El Lunático

Algo hay de lunático en el Presidente Donald Trump que vive en continúa huida de sí mismo y de sus responsabilidades políticas y penales en el ‘Rusiagate’ y ahora de las denuncias de acoso sexual de varias mujeres que ya lo señalaron durante la pasada campaña electoral. Pero cada vez que Trump presiente el peligro organiza un espectáculo internacional o nacional con el que desvía la atención, gana tiempo y consigue continuar.
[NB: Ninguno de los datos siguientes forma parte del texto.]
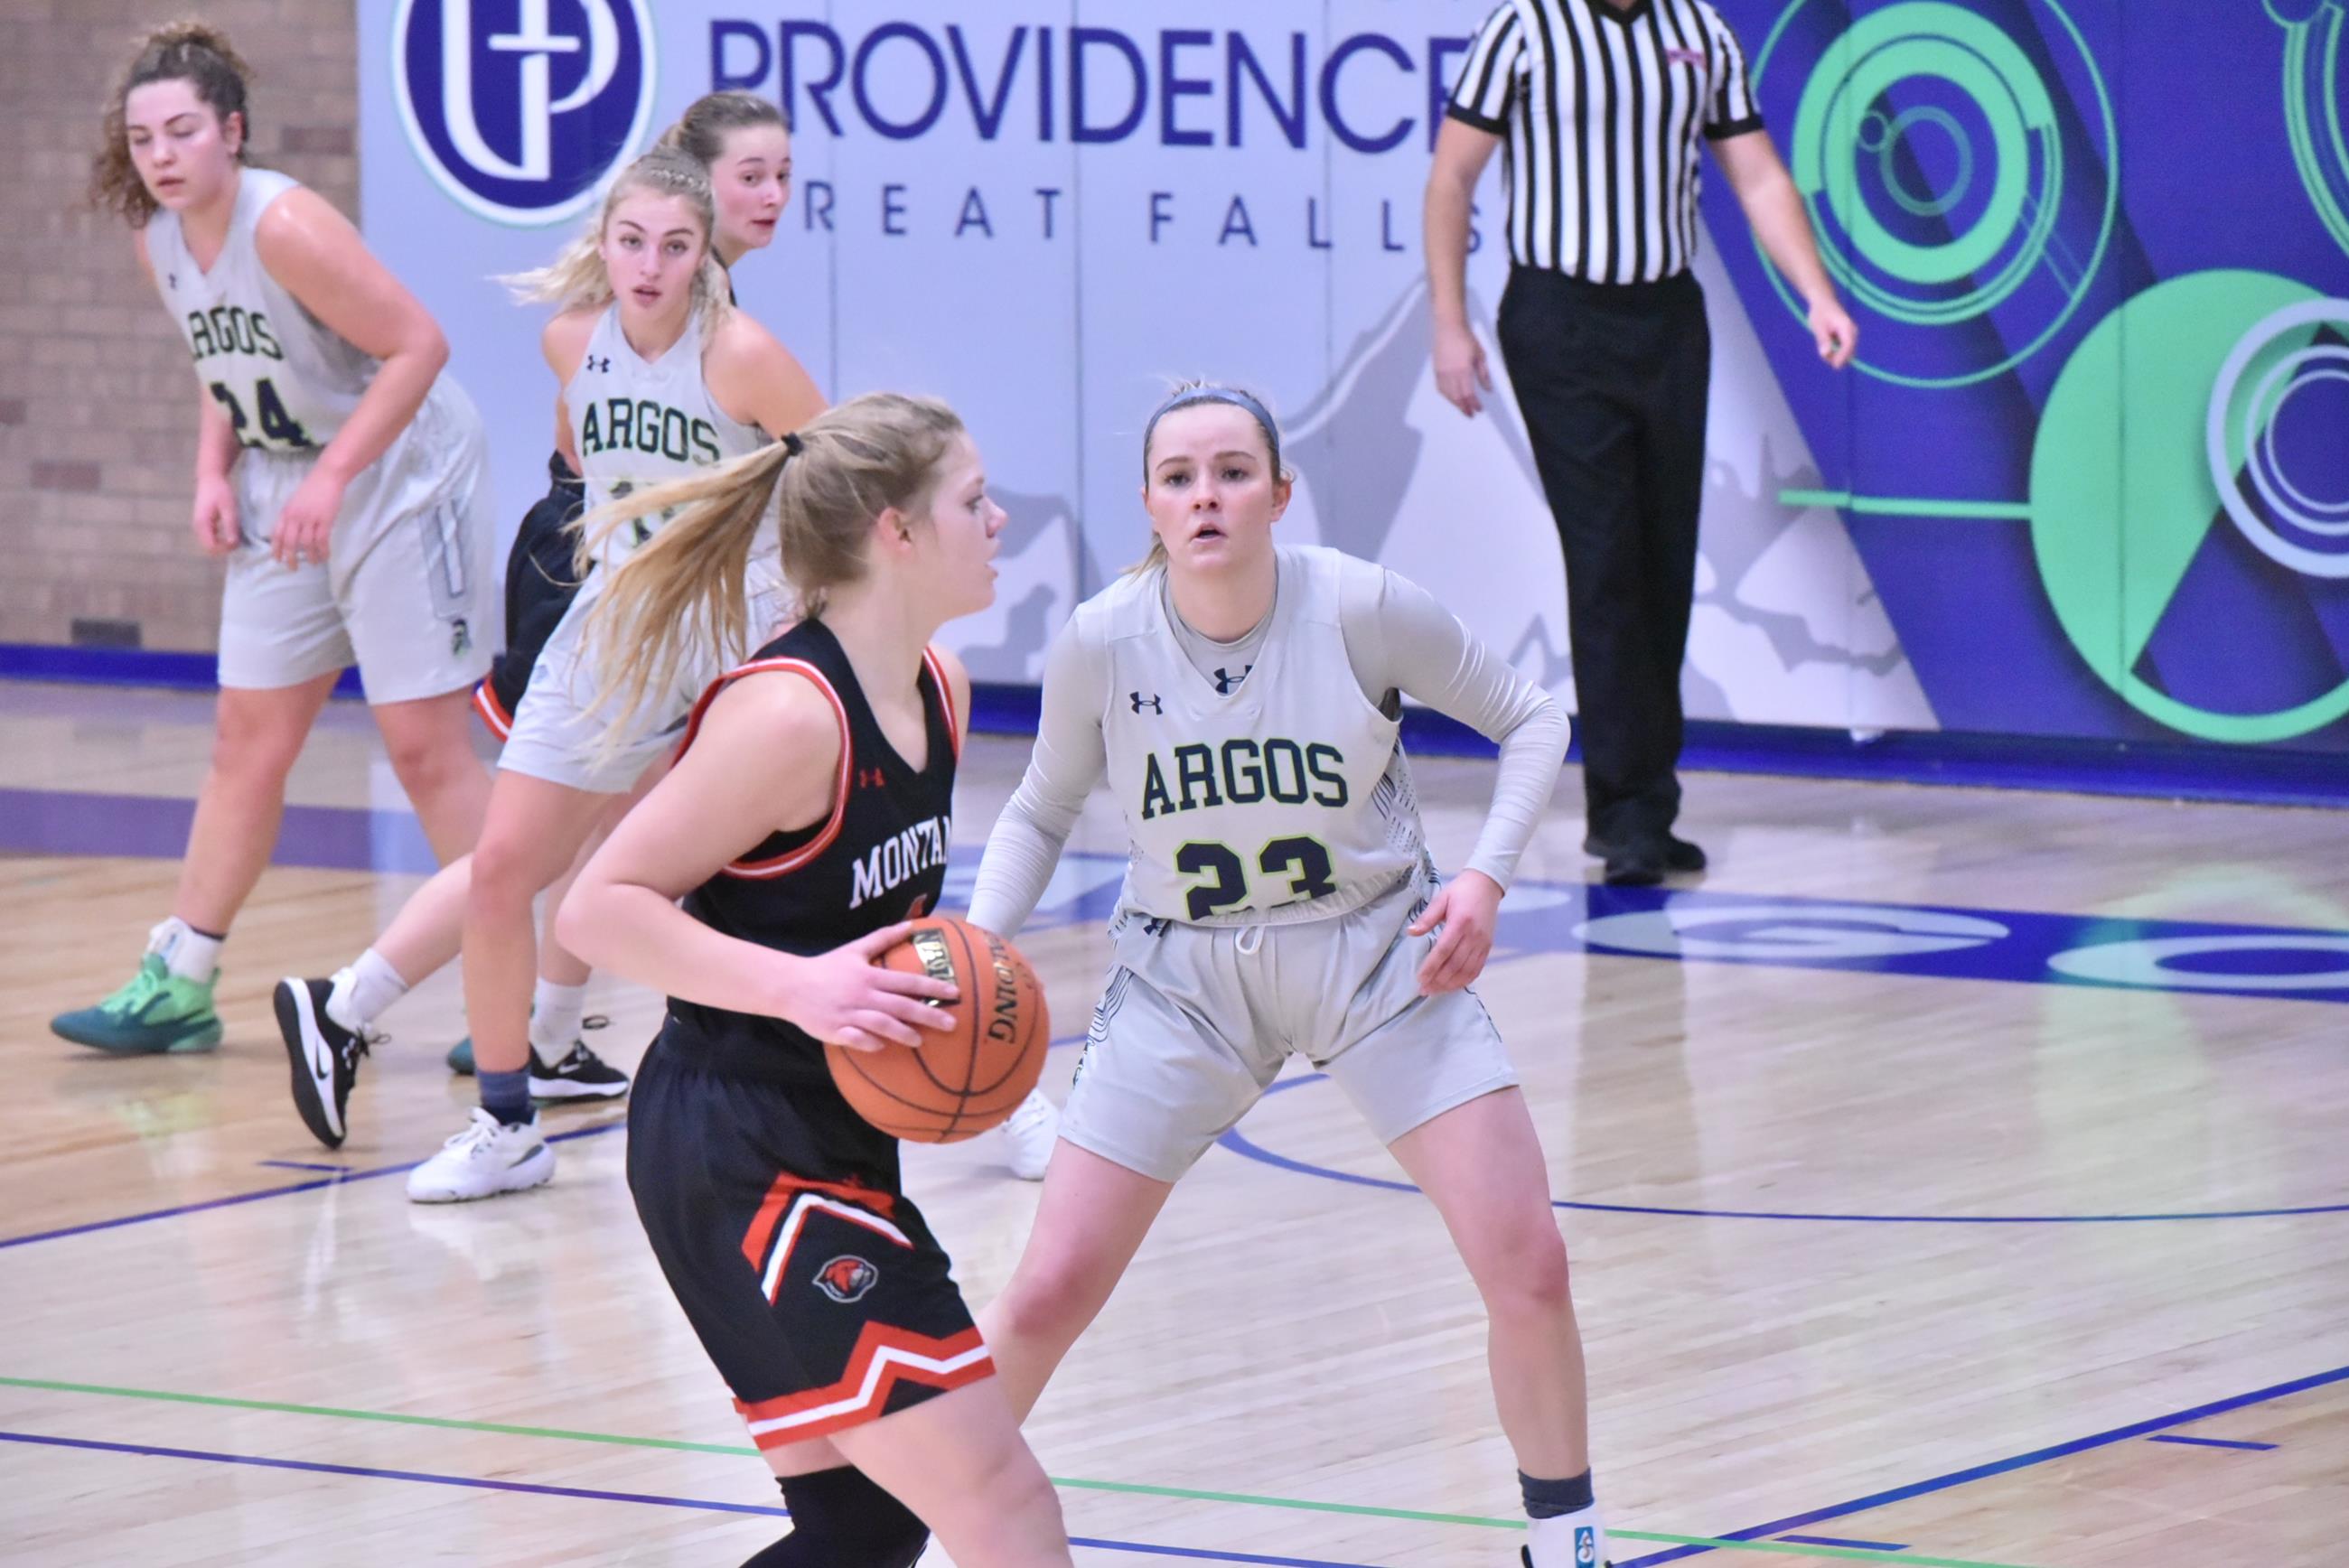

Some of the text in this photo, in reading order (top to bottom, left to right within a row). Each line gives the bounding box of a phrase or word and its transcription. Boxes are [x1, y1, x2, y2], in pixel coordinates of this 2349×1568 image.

[804, 181, 1062, 240] REAT
[583, 397, 721, 468] ARGOS
[1141, 738, 1349, 820] ARGOS
[1174, 833, 1337, 921] 23
Hace pocos días fue el anuncio de la próxima apertura de la embajada USA en Jerusalén, y ahora acaba de firmar la recuperación del programa Apolo de la NASA para volver a enviar astronautas norteamericanos a la Luna. Una noticia que ha causado impacto internacional y especialmente en los EE.UU. con aires de renovado patriotismo, para retomar la senda heroica que inició la asombrosa e histórica misión del Apolo XI, comandada por Neil Armstrong e integrada por Edwin Aldrin y Michael Collin.
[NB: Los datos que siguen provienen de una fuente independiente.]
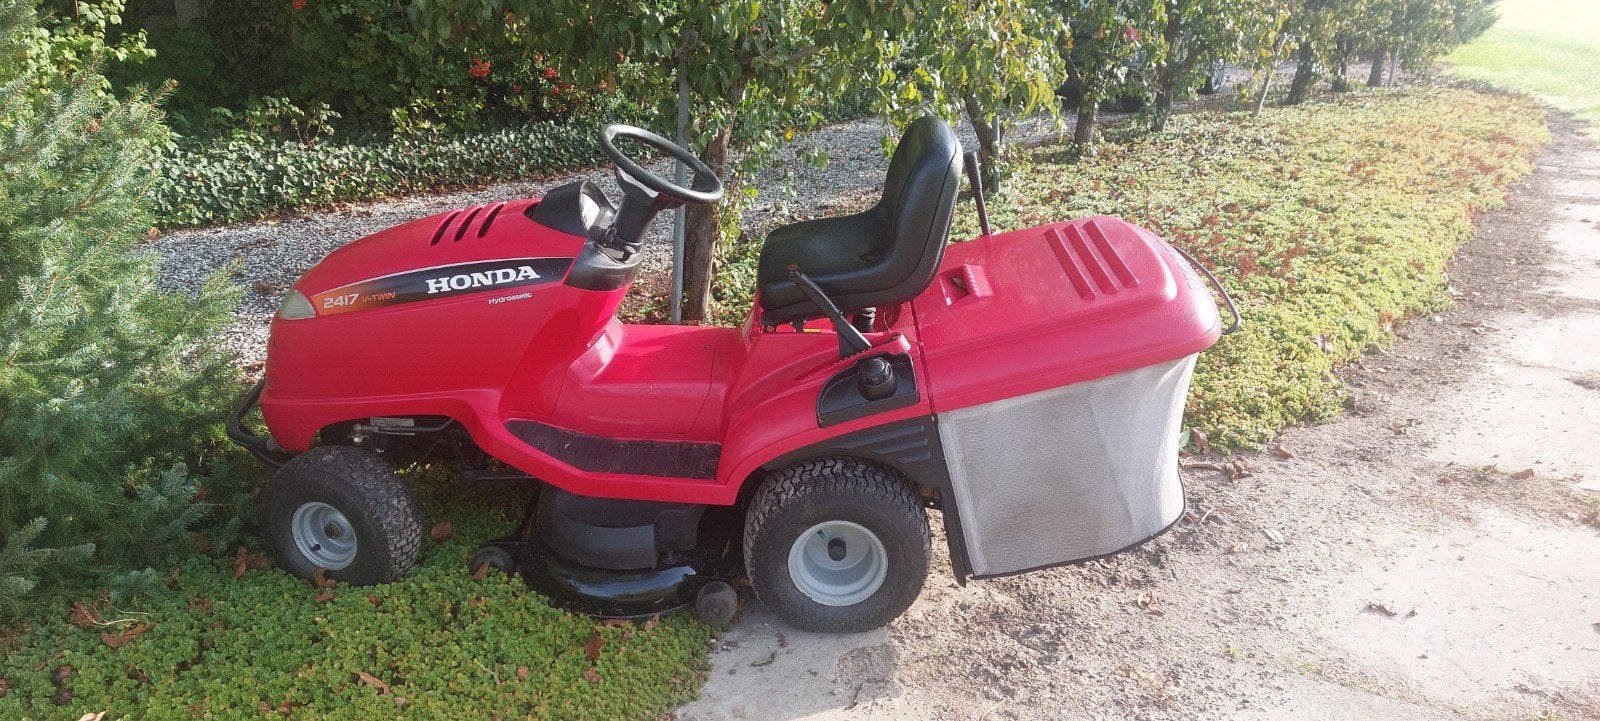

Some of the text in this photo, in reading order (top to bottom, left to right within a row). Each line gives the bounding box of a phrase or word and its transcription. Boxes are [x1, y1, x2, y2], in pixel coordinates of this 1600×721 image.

[425, 265, 541, 294] HONDA
[323, 291, 396, 309] 2417 V-TWIN
[488, 291, 533, 305] Hydrostatic
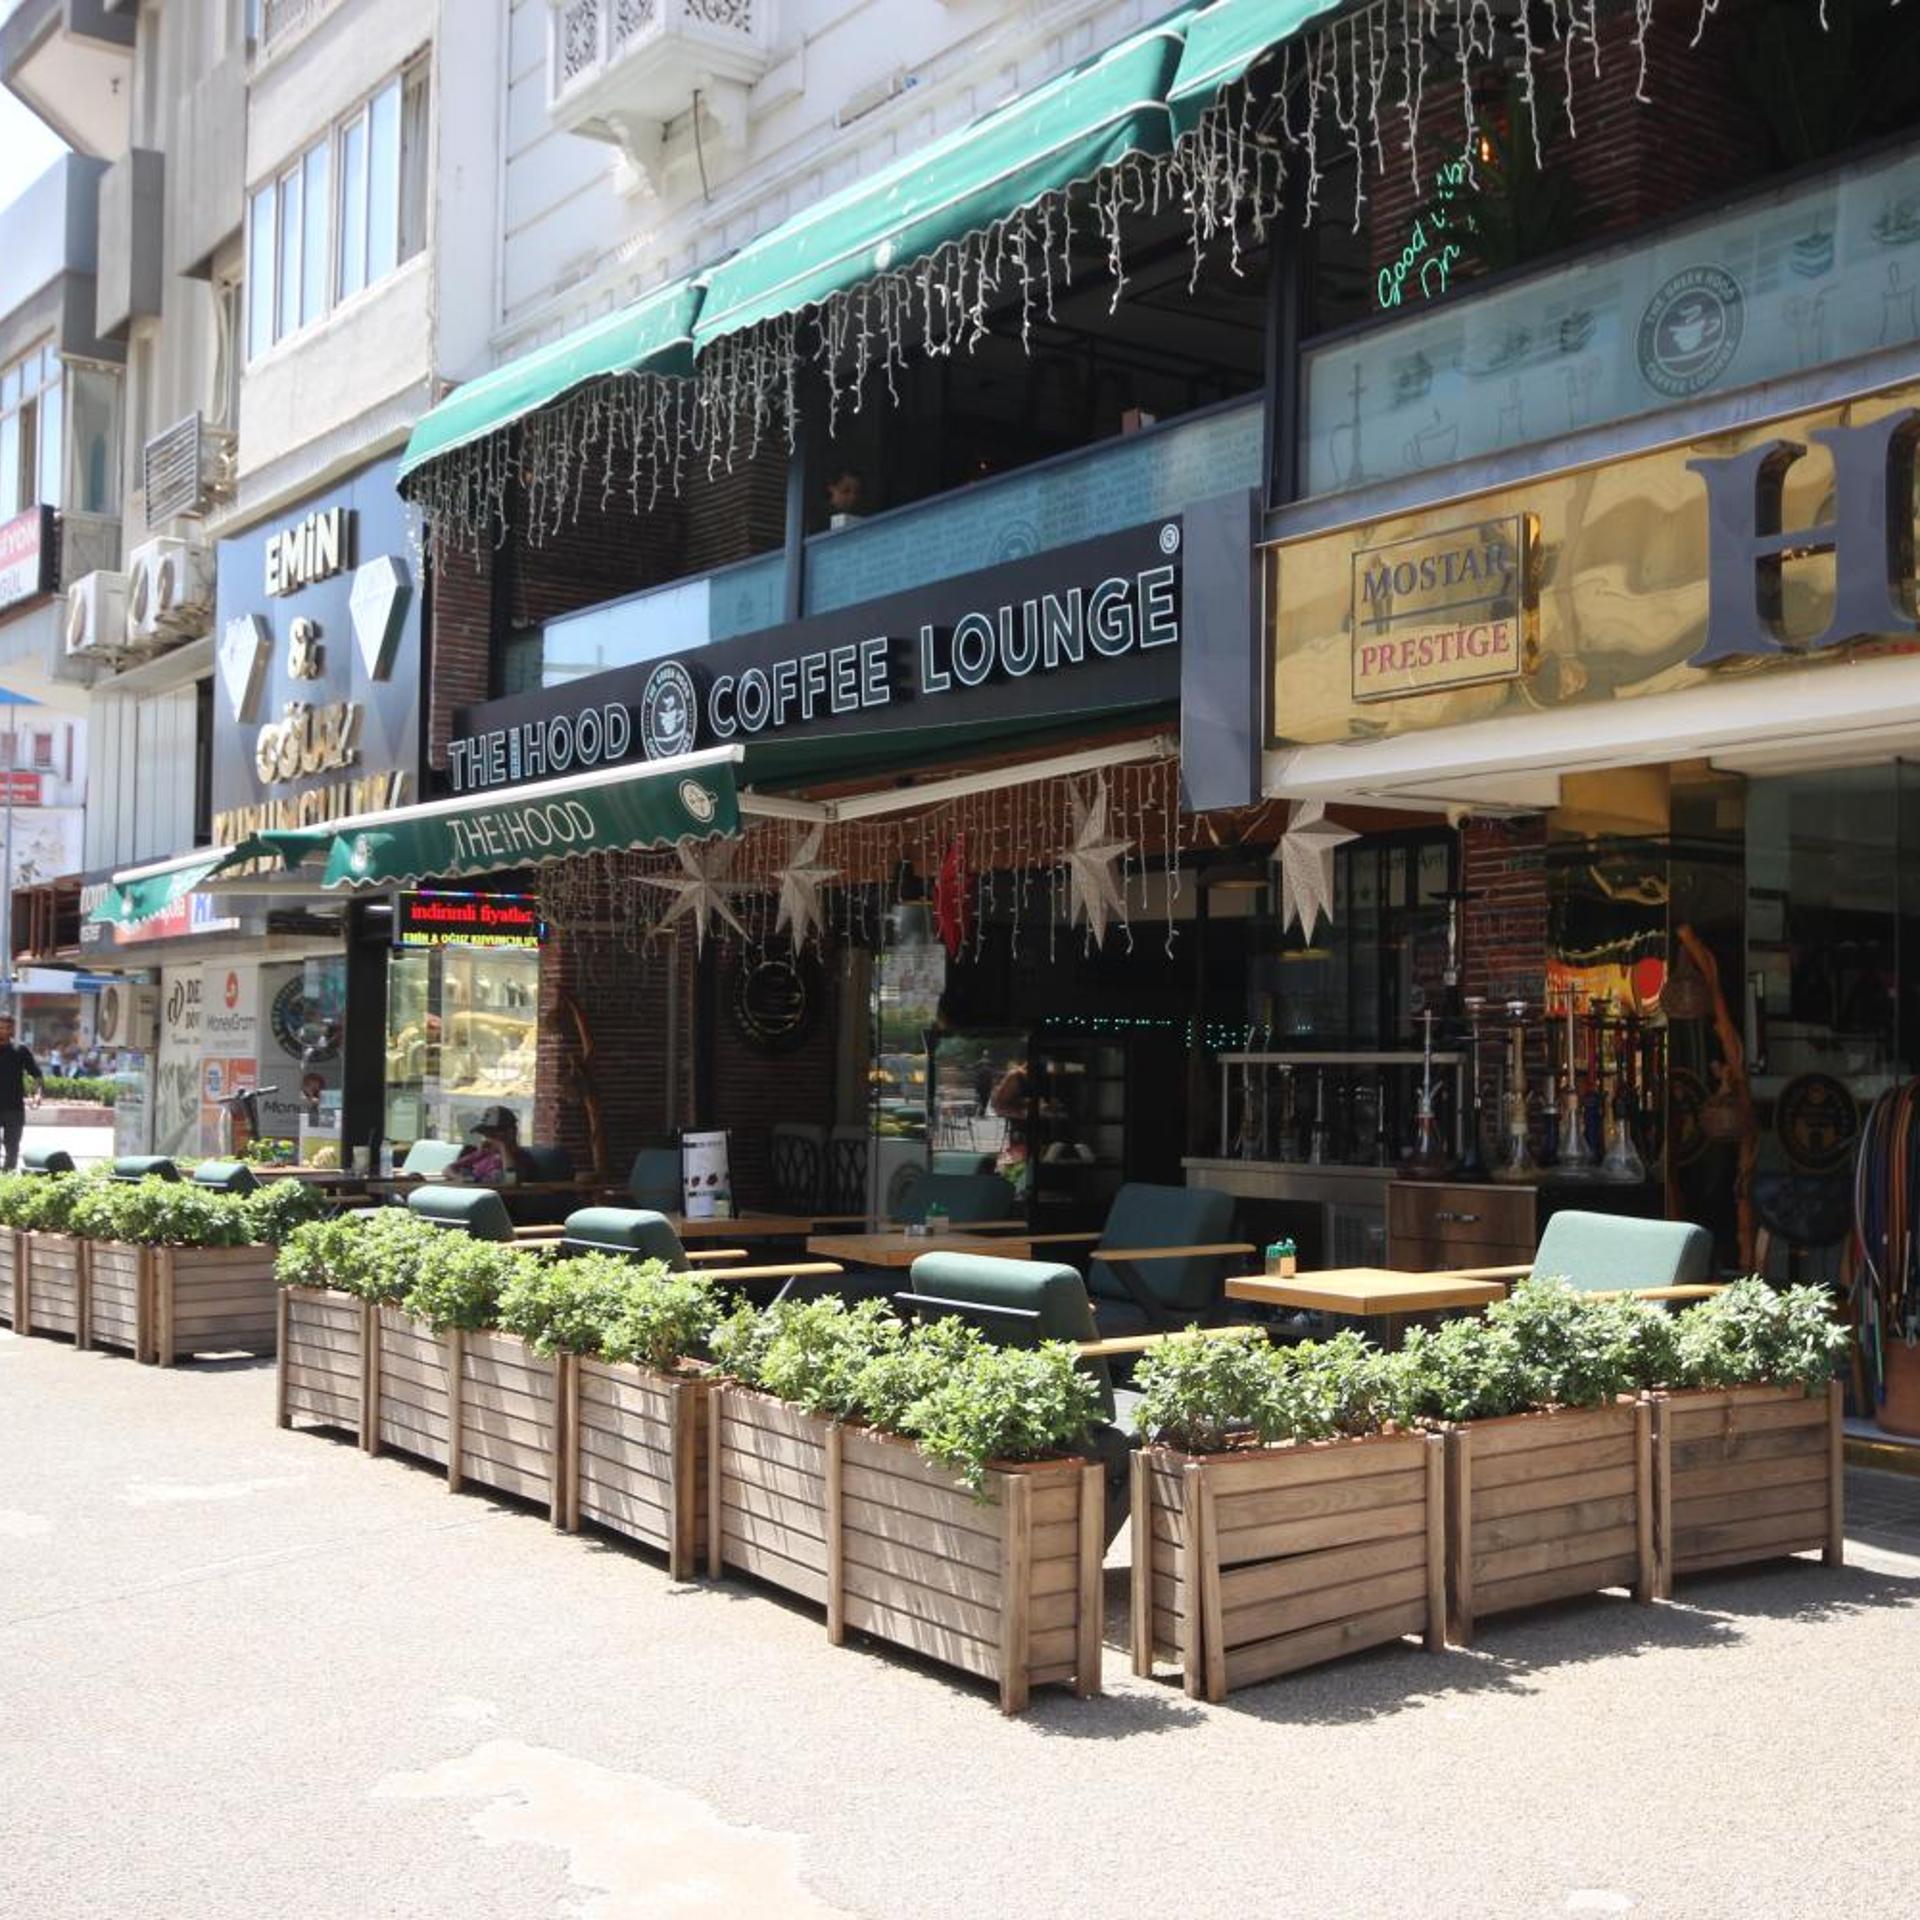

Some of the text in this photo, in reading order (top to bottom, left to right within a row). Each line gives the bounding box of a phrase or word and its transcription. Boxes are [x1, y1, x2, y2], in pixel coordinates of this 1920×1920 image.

Armstrong y Aldrin llegaron a la Luna el 20 de julio de 1969 y dieron el primer paseo lunar el día 21, momento en el que Armstrong afirmó al pisar el suelo lunar que daba ‘un pequeño paso para un hombre y un gran salto para la Humanidad’.

Todo ello después de un espectacular viaje de la Tierra a la Luna que duró cuatro días y se inició el 16 de julio de 1969 y acabó ocho días después en medio de gran expectación y como victoria de la carrera espacial de USA con la URSS. La que finalmente ganaron los americanos bajo la presidencia de Richard Nixon quien, en plena guerra fría, consiguió culminar el sueño y el proyecto del presidente John F. Kennedy, asesinado en Houston (Texas) el 22 de noviembre de 1963.

Ahora tras el nuevo desafío lunar de Trump solo falta que Putin recoja ese guante y entre de nuevo con Rusia en la carrera espacial, a la que también podría sumarse la China de Jing Ping.

El regreso de los americanos a la Luna no tendrá la novedad ni la emoción del viaje del Apolo XI que constituyó en su tiempo un alarde tecnológico de primera magnitud. Pero desde entonces han pasado ¡48 años! y el avance de la tecnología en ese tiempo hace pensar que una nueva misión, el Apolo XVIII será mucho más sencilla para llegar a la Luna y regresar a la Tierra.

Y todo ello sin mucho riesgo y con alarde mediático en este mundo global, comunicado y digitalizado en el que se puede decir que la Luna está ya al alcance de la mano y que se puede tocar con facilidad.